There’s a huge difference between being in your single girl era when you’re living up the independence, full control of your schedule and peace without emotional disturbances from dating. And then there’s the period of singlehood where you’re begrudgingly single. You look at your friends in relationships and can’t help but feel a little jealous. You think to yourself “it’d be so nice to be in a relationship - I want the companionship, the support system.”

If you’re in that mode right now, I totally understand. I spent a substantial part of the last 5 years in that mode and I know how lonely and painful it can feel.

Add on to it the very obvious reality that you are not 100% in control of when this period will end. There’s not a 10 step process you can follow to find a partner that will end this period of singlehood. (If you thought there was, then I have lots more dating resources for you that are probably the reframe you need!)

But does that mean you just have to passively sit back and live in this phase that you don’t like? Absolutely not.

It’s no accident that I’m writing this post in the lead up to Valentine’s Day, potentially one of the most annoying holidays for the single girl. Let’s talk about what to do when you realize that you hate being single….

What to do when you’re tired of being single

It’s absolutely okay to say that you don’t want to be single. There’s nothing wrong with wanting a relationship. Even though everybody and their mother (maybe even your mother) may say to you “you’ll find it when you’re least expecting it!” Such unhelpful advice because it asks us to experience dating from a place of passiveness - it implies that we are not a factor in when we find our next partner.

To be clear, we absolutely play a role in when we find our next relationship. But here’s the key…

We are not the ONLY factor on when we find our next relationship.

So when you are in a period of singlehood and wanting to be in a relationship, you absolutely should take responsibility for the things that are within your control (we’re going to dive more into that in a moment) but you have to balance that with the reminder that part of the timing of finding a great relationship is outside of your control.

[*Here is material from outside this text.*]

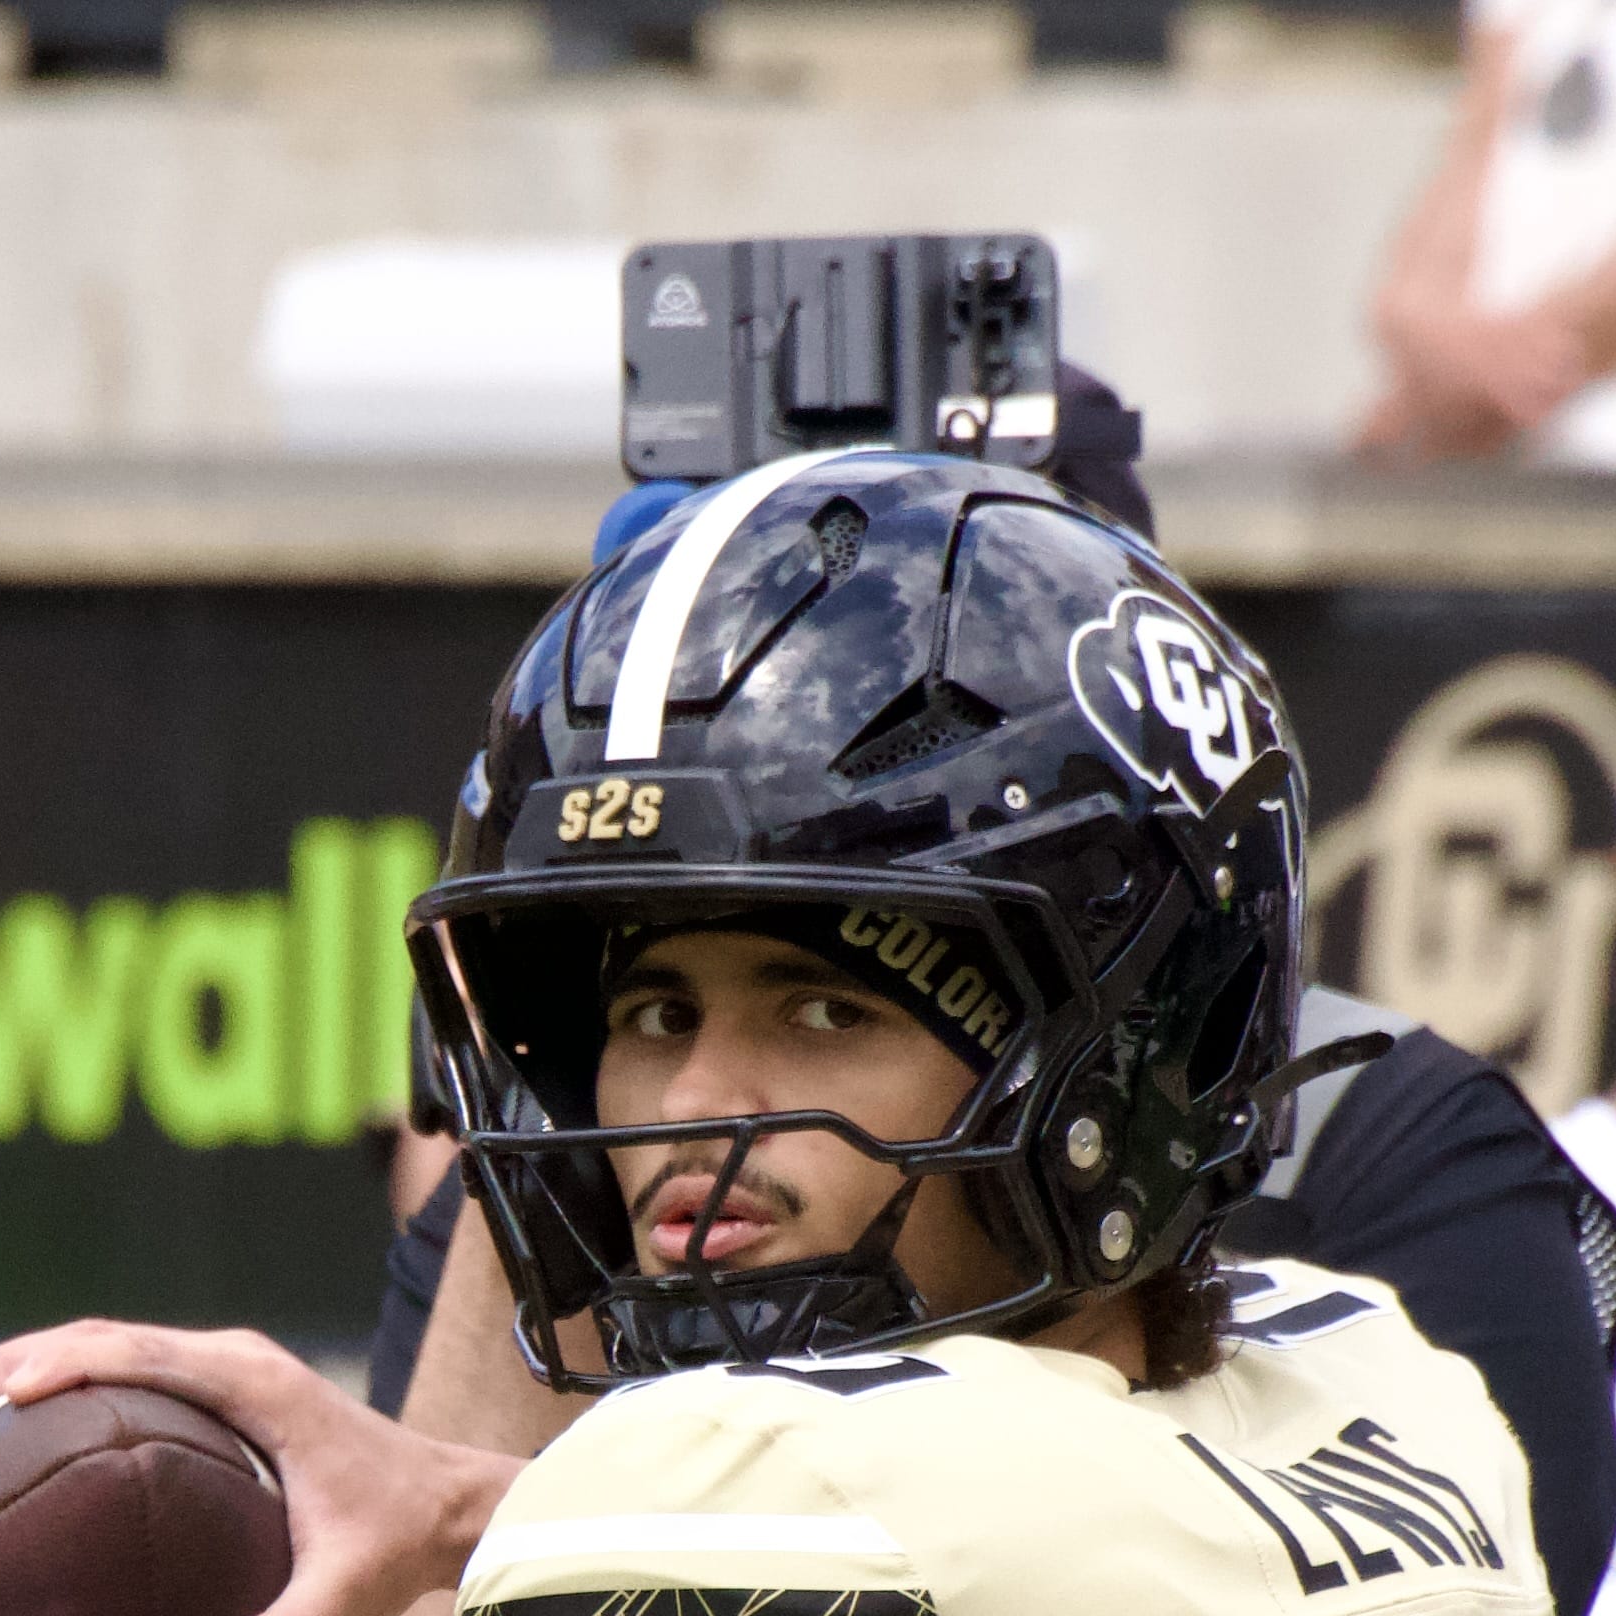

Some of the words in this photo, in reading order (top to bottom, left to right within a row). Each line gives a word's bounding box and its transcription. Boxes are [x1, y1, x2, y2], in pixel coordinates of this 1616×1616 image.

Why is this so important? The reality of you being single right now is not “your fault.” And it’s not a sign that there’s something flawed or wrong with you.

There are two deeply common beliefs I hear that result in women hating the reality of being single:

  1. That they’d be happier or more fulfilled in a relationship.

  2. They fear it means something about them - that they’re somehow less worthy or just less than the other women they see in relationships

In a world that puts so much emphasis on relationship status, it’s almost no wonder that these beliefs are so prevalent but they’re both so dangerous to our well-being that we have to dive into each of them.

Why a relationship isn’t actually the end goal

To state the obvious here, you’re not looking for any relationship, you’re looking for the right relationship.

But when you’re in a period of hating being single, this is a hugely important distinction! If you wanted to find a partner or even someone to go on dates with, you could! If you are willing to compromise on what you’re looking for, getting a date isn’t hard!

But that’s not really the goal here because you know that relationship or those dates wouldn’t feel satisfying to you.

We deeply want to be in a relationship because we’ve painted a picture in our brains about how we’ll feel in a relationship. We expect being in a relationship will make us feel safe and loved. We think we’ll feel more satisfied or fulfilled with our life when we’re in a relationship.

But a relationship will not save you.

You can feel safe and loved and fulfilled and satisfied in a relationship. But it’s not automatic. And the biggest factor that determines whether you feel that way is how you feel about yourself.

If you don’t feel worthy of deep love, you’ll start dating a guy who treats you right and question “why is it that he’s so available? There must be something going on.”

If you don’t feel desirable, you’ll hear a compliment that a guy gives you and brush it away as “oh, he’s just trying to get in my pants.”

If you don’t feel good enough, then you’ll people please in your relationship to try to keep yourself safe and end up in situations that feel hollow.

How a relationship feels is determined by how you feel about yourself.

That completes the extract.